Saved data entries:
★ ★ ★ ★

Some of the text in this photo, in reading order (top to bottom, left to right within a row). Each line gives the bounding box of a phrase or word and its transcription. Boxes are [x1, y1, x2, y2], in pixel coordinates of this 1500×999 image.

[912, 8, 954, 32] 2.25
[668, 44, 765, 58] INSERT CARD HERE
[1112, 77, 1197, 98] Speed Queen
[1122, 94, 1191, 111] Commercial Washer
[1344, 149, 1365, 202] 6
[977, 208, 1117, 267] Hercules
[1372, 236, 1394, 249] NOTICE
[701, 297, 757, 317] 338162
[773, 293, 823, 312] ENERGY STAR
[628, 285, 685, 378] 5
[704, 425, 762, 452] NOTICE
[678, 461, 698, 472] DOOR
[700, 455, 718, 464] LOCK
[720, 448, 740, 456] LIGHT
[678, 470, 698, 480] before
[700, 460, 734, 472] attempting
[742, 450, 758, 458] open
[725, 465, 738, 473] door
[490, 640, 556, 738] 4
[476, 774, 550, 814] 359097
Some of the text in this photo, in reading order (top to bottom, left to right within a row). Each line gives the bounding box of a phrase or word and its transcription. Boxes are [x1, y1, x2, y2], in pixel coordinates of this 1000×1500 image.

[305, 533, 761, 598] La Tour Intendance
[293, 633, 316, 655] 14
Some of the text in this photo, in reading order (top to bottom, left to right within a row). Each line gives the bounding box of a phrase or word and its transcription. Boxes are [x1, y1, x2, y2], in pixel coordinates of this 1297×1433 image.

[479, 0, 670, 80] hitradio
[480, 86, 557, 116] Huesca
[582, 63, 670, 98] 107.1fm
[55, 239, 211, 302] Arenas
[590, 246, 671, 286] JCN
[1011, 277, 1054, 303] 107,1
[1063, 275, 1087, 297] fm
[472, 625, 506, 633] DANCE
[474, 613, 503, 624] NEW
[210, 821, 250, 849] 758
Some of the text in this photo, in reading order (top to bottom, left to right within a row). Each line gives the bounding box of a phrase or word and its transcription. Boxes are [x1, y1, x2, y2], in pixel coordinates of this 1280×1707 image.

★ ★ ★ ★

• To do:
Word for word, repeat every record.

• Answer section:
Some of the text in this photo, in reading order (top to bottom, left to right within a row). Each line gives the bounding box of a phrase or word and its transcription. Boxes are [x1, y1, x2, y2], in pixel coordinates of this 1500×999 image.

[912, 8, 954, 32] 2.25
[668, 44, 765, 58] INSERT CARD HERE
[1112, 77, 1197, 98] Speed Queen
[1122, 94, 1191, 111] Commercial Washer
[1344, 149, 1365, 202] 6
[977, 208, 1117, 267] Hercules
[1372, 236, 1394, 249] NOTICE
[701, 297, 757, 317] 338162
[773, 293, 823, 312] ENERGY STAR
[628, 285, 685, 378] 5
[704, 425, 762, 452] NOTICE
[678, 461, 698, 472] DOOR
[700, 455, 718, 464] LOCK
[720, 448, 740, 456] LIGHT
[678, 470, 698, 480] before
[700, 460, 734, 472] attempting
[742, 450, 758, 458] open
[725, 465, 738, 473] door
[490, 640, 556, 738] 4
[476, 774, 550, 814] 359097
Some of the text in this photo, in reading order (top to bottom, left to right within a row). Each line gives the bounding box of a phrase or word and its transcription. Boxes are [x1, y1, x2, y2], in pixel coordinates of this 1000×1500 image.

[305, 533, 761, 598] La Tour Intendance
[293, 633, 316, 655] 14
Some of the text in this photo, in reading order (top to bottom, left to right within a row). Each line gives the bounding box of a phrase or word and its transcription. Boxes are [x1, y1, x2, y2], in pixel coordinates of this 1297×1433 image.

[479, 0, 670, 80] hitradio
[480, 86, 557, 116] Huesca
[582, 63, 670, 98] 107.1fm
[55, 239, 211, 302] Arenas
[590, 246, 671, 286] JCN
[1011, 277, 1054, 303] 107,1
[1063, 275, 1087, 297] fm
[472, 625, 506, 633] DANCE
[474, 613, 503, 624] NEW
[210, 821, 250, 849] 758
Some of the text in this photo, in reading order (top to bottom, left to right within a row). Each line gives the bounding box of a phrase or word and its transcription. Boxes are [x1, y1, x2, y2], in pixel coordinates of this 1280×1707 image.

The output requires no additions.